Reputation: 1250
I have a dataframe with datetimeindex. I only need those rows whose index belong to days specified in a list e.g. [1,2] for Monday and Tuesday. Can this be possible in pandas in a single line of code.
Upvotes: 2
Views: 2472
Reputation: 13705
You could try this:
In [3]: import pandas as pd
In [4]: import numpy as np
In [5]: index = pd.date_range('11/23/2015', end = '11/30/2015', freq='d')
In [6]: df = pd.DataFrame(np.random.randn(len(index),2),columns=list('AB'),index=index)
In [7]: df
Out[7]:
A B
2015-11-23 -0.673626 -1.009921
2015-11-24 -1.288852 -0.338795
2015-11-25 -1.414042 -0.767050
2015-11-26 0.018223 -0.726230
2015-11-27 -1.288709 -1.144437
2015-11-28 0.121093 1.396825
2015-11-29 -0.791611 -1.014375
2015-11-30 1.223220 -1.223499
In [8]: df[np.in1d(df.index.dayofweek, [1, 2])]
Out[8]:
A B
2015-11-24 0.116678 -0.715655
2015-11-25 -1.494921 0.218176
1 is actually Tuesday here. But that should be fairly easy to account for if needed.
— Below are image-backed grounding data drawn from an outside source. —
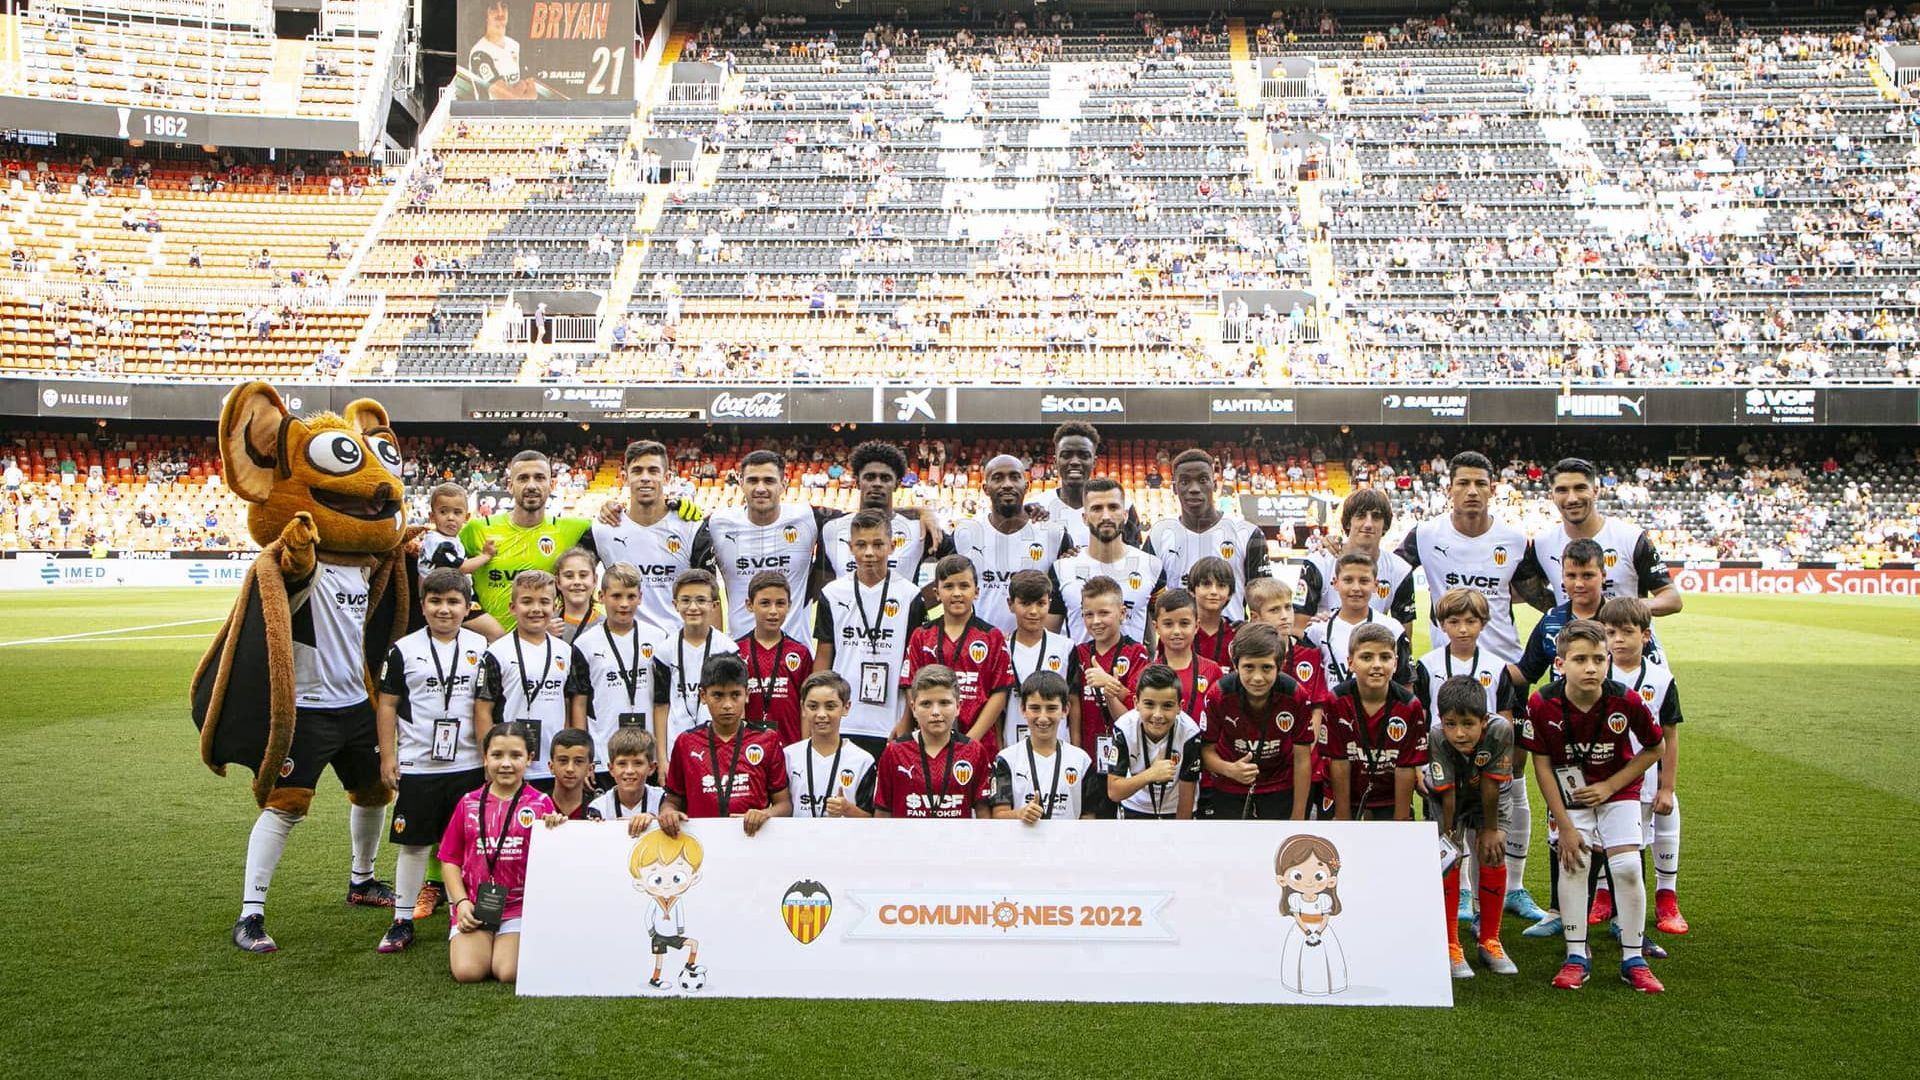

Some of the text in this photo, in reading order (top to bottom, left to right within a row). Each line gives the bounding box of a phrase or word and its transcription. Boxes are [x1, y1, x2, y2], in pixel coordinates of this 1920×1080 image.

[529, 2, 611, 40] BRYAN
[587, 46, 626, 95] 21
[143, 114, 188, 138] 1962
[563, 389, 624, 400] SAILUN
[590, 400, 622, 408] TYRE
[1041, 394, 1124, 412] ŠKODA
[1213, 399, 1294, 412] SAMTRADE
[1403, 395, 1467, 408] SAILUN
[1431, 408, 1465, 416] TYRE
[1746, 406, 1815, 414] FAN TOKEN
[736, 555, 791, 570] $VCF
[65, 567, 106, 578] IMED
[214, 568, 250, 579] IME
[488, 569, 524, 583] $V
[638, 564, 677, 575] VCF
[982, 570, 1015, 583] $V
[1446, 573, 1500, 588] $VCF
[1707, 570, 1794, 593] LaLiga
[335, 592, 368, 605] $VC
[843, 626, 895, 641] $VCF
[1363, 761, 1397, 769] TKEN
[936, 809, 962, 817] OKEN
[879, 899, 1143, 930] COMUNIONES 2022
The previous answer was posted while writing this, as a comparison:
In [15]: %timeit df.loc[df.index.to_series().dt.dayofweek.isin([0,1]).values]
100 loops, best of 3: 2.01 ms per loop
In [16]: %timeit df[np.in1d(df.index.dayofweek, [0, 1])]
1000 loops, best of 3: 393 µs per loop
Note this comparison was done on the test DF I created and I don't know how it necessarily extends to larger dataframes, though performance should be consistent.
Upvotes: 3
Reputation: 393883
IIUC then the following should work:
df[df.index.to_series().dt.dayofweek.isin([0,1])]
Example:
In [9]:
df = pd.DataFrame(index=pd.date_range(start=dt.datetime(2015,1,1), end = dt.datetime(2015,2,1)))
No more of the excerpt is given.